I've been in favor of VPS over shared hostings since 2010. Back than, panels were painful and made me panicking: PHP only, $$$ for an extra domain, disk space measured in MB, apps' tables crammed into a tiny DB with gibberish prefixes. Even an OpenVZ container with 128MB RAM and 5GB disk offered me the delusion that I were the king of the machine. I could finally deploy C++ programs, Python apps and no more restrictions were set on the number of (sub)domains.

But when I tried shared hosting this month, in 2024, I found it quite pleasing to use. Juicy UI with backup plugins takes place, NodeJS and Python are fully supported, CloudLinux and Litespeed do a great job on the speed, and much less $$ for extra (sub)domains. Maybe it's not friendly to Golang and C++ programs yet, but hey, who'd ever want a C++-made website?

I'm thinking about moving all my PHP/Python/NodeJS webites (which are not existent yet) into shared hosting, and leaving only tough jobs on VPS, compiling and deploying distributed systems. I personally have got quite a lot of C/C++ work to do, mainly on HPC, say optimizing vector-related computation from 60ms (C++) to 15ms (C with SIMD), and accelerating model inference on modern CPUs from 1000ms to within 500ms. So I may not be a total green hand in VPS or Linux.

What do you think of shared hosting and VPS in 2024?

Comments

  • yoursunnyyoursunny Member, IPv6 Advocate

    Shared hosting: less work, but not everything can work (e.g. no long lived process).
    VPS: more work, highly customizable, almost everything can work there.

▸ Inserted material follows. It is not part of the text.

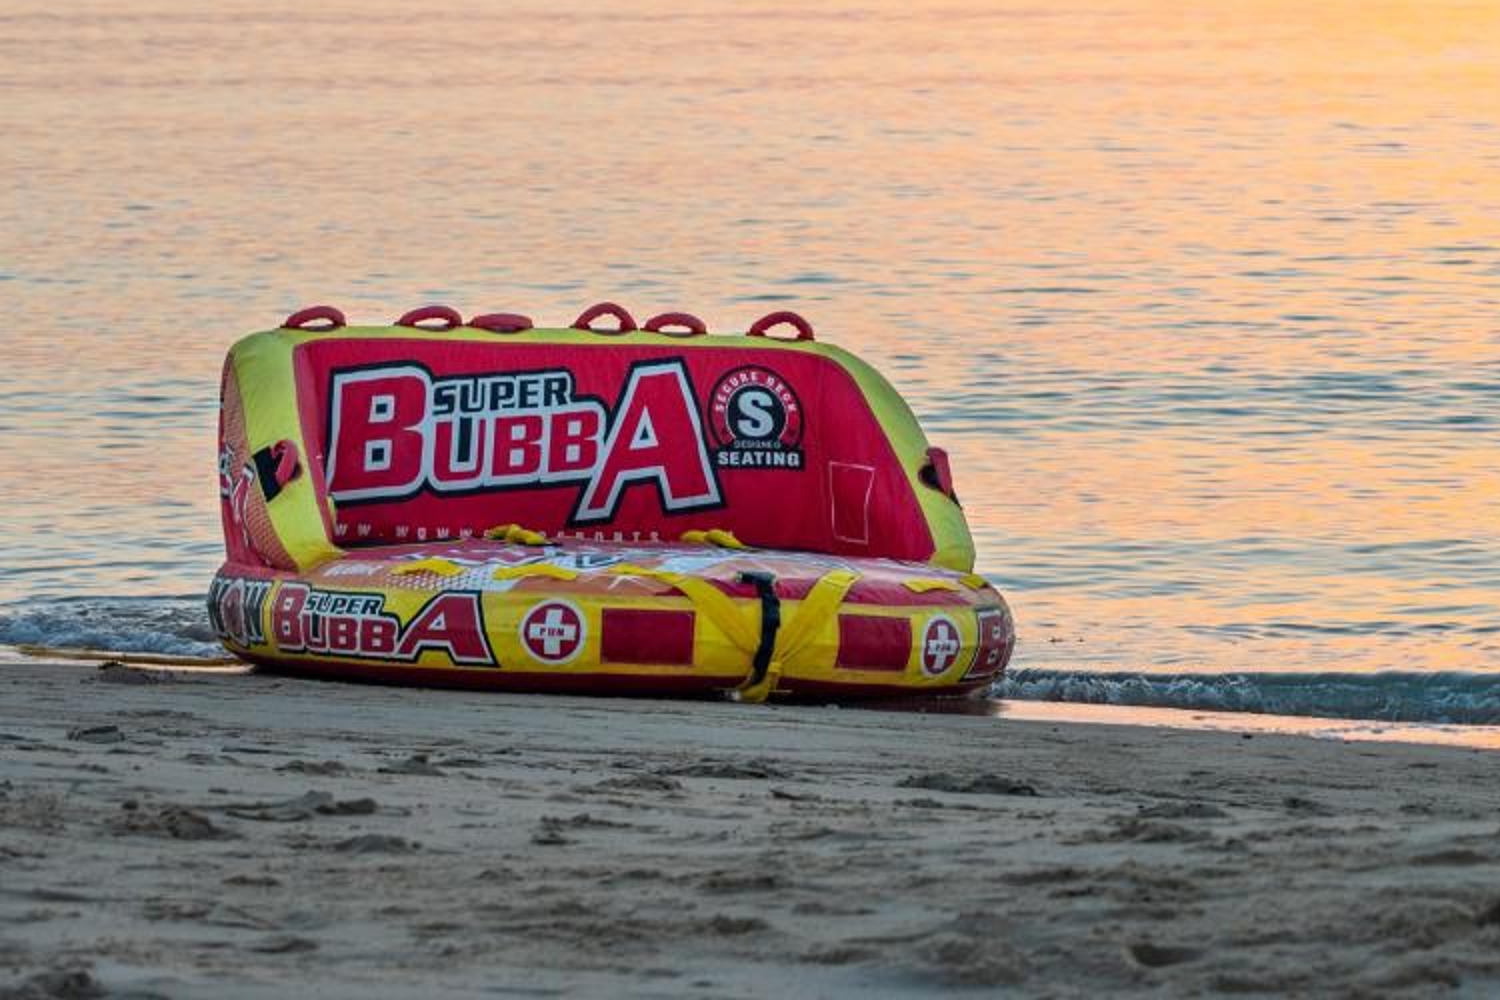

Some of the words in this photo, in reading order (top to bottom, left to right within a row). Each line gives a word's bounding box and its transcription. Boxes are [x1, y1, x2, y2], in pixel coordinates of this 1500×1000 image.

    Thanked by 2noisycode hyperblast
  • @yoursunny said:
    Shared hosting: less work, but not everything can work (e.g. no long lived process).
    VPS: more work, highly customizable, almost everything can work there.

    Quite so. I really can't run the dear YABS on a shared hosting. But these days I feel a bit annoying to set up dozens of VPS.

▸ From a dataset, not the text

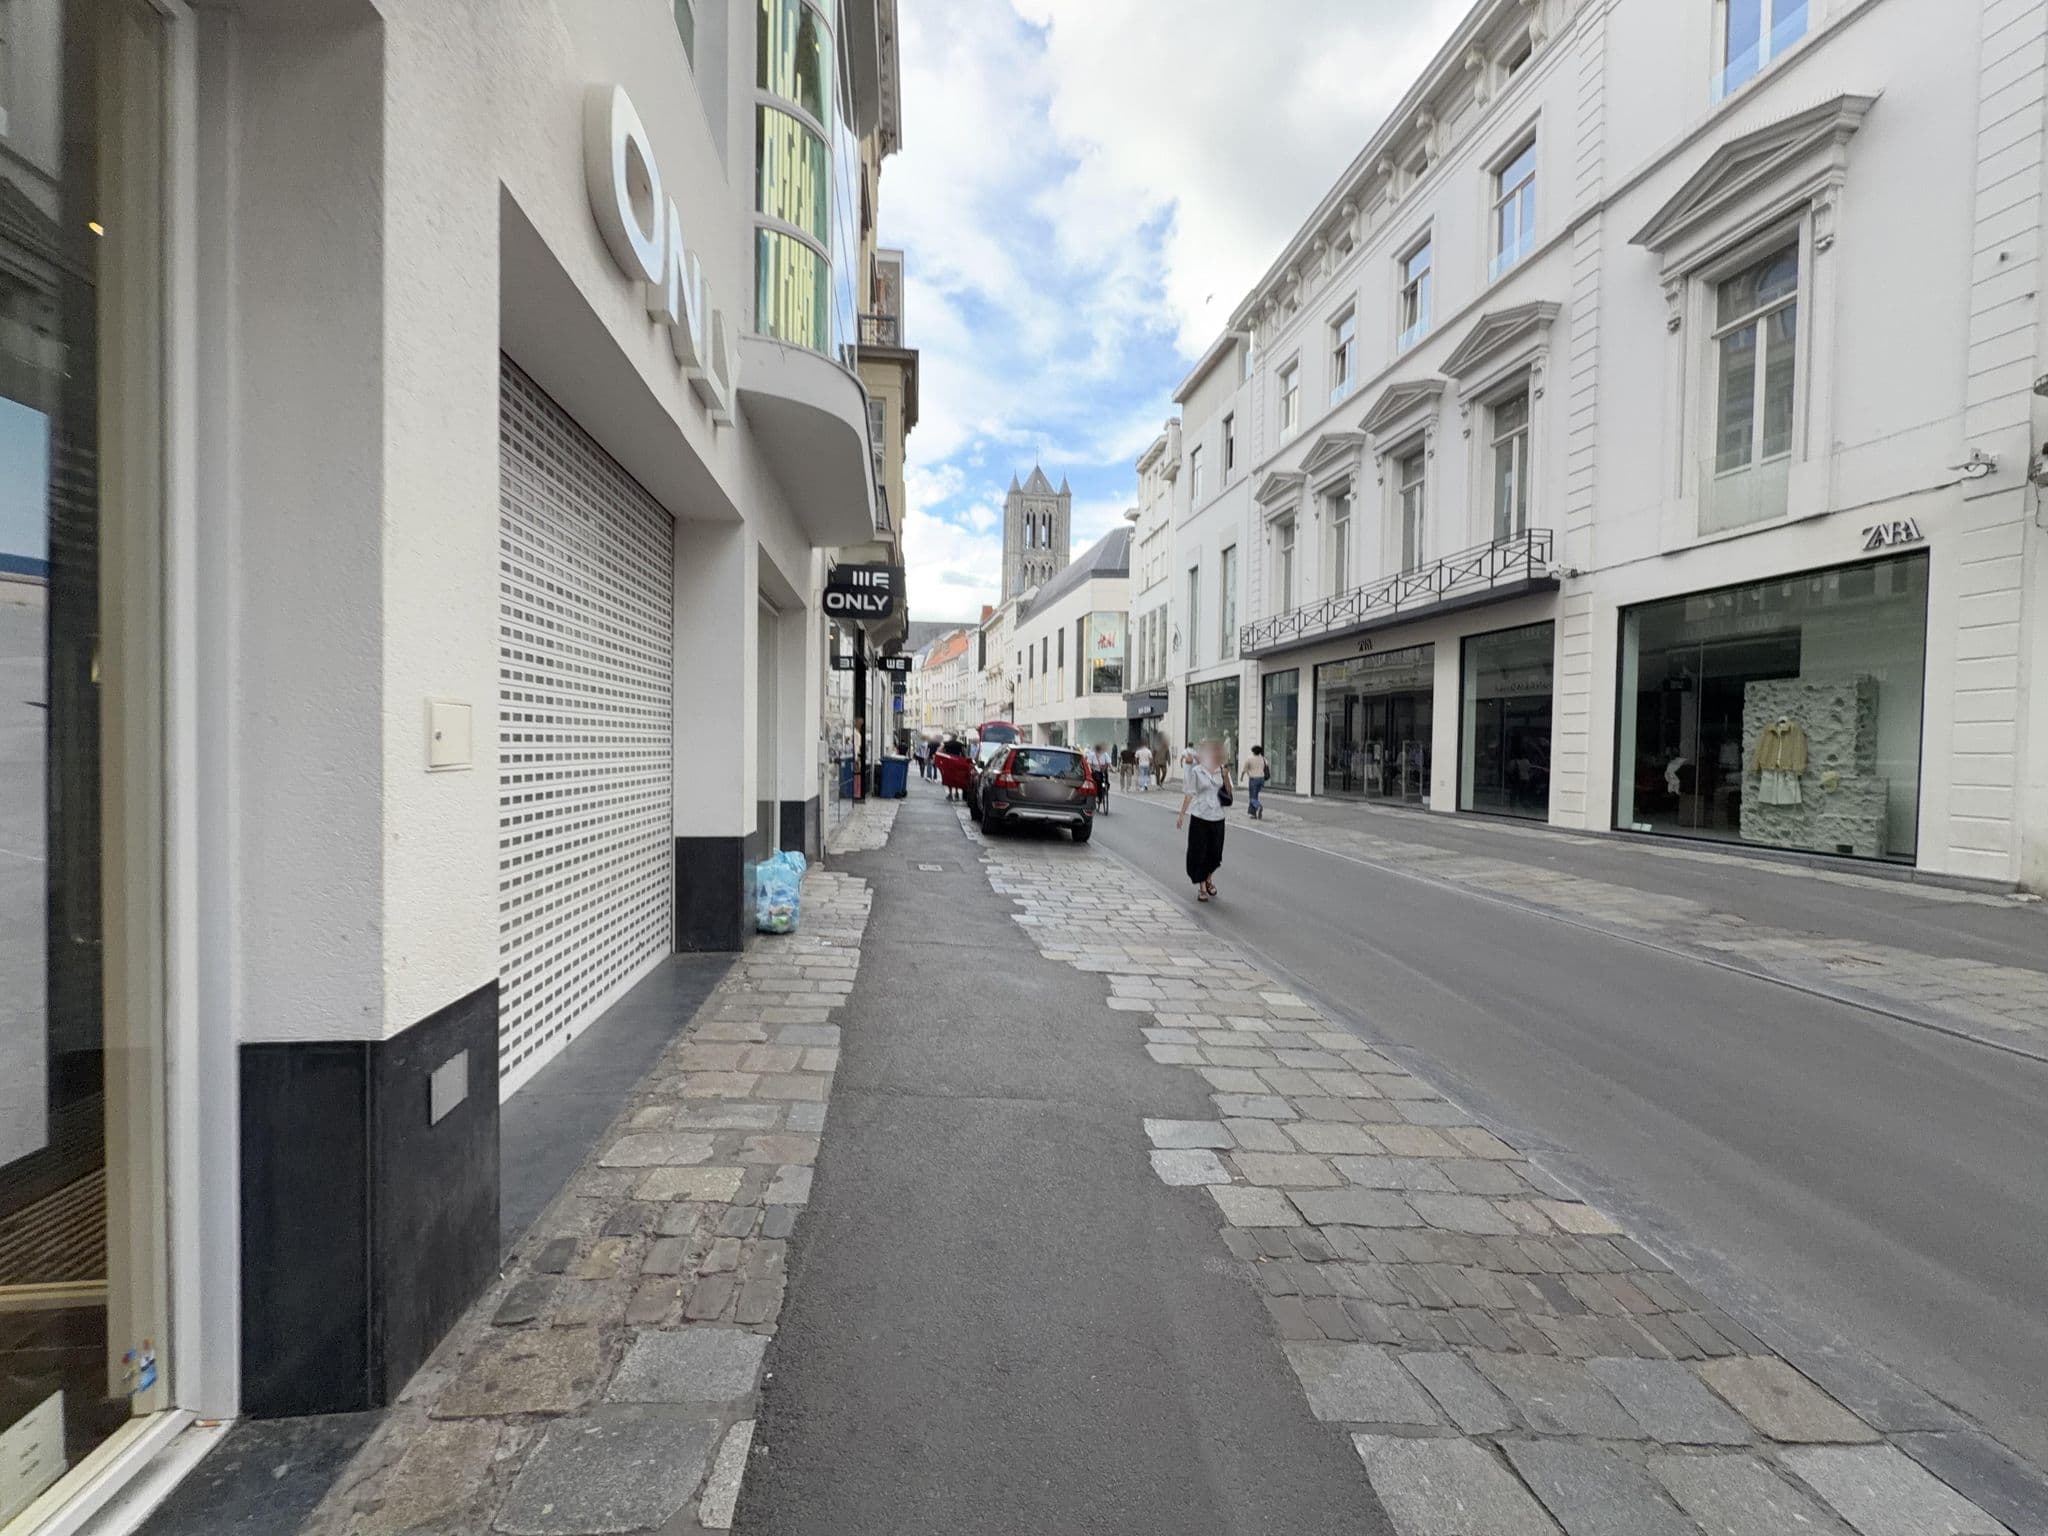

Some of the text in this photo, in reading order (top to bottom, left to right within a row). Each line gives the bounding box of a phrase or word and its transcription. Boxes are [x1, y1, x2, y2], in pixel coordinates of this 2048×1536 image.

  • darkimmortaldarkimmortal Member
    edited January 17

    I moved back to shared hosting out of necessity - no one else but cloudlinux is maintaining the old PHP versions needed for my websites. And to match the sandboxing/segregation of cloudlinux yourself is a bit of a minefield - glad to be rid of the niggling doubt that I had missed something

    The disk space and performance of shared hosting is crazy these days - with the right provider you can get equivalent RAM (factoring in mysql) and disk space to a VPS of the same price. A no brainer to get a load of management done for you for free

    Thanked by 1noisycode
  • HAMSWHAMSW Member

    @noisycode
    It might be easier (and probably more cost efficient also) to buy a bigger VPS plan or even a Dedicated Server and host all your websites there, You can manage resources with cPanel or Direct Admin or the good old cgroups or systemd.
    -> Make sure of where you're getting this plan since uptime and reliability will affect all your websites together.
    -> This doesn't really work in some situations but still you can take advantage of this by gathering a lot of low traffic websites on a VPS or a lot of moderate traffic websites on a Dedicated (accordingly)

    Thanked by 1noisycode
  • @noisycode said: What do you think of shared hosting and VPS in 2024?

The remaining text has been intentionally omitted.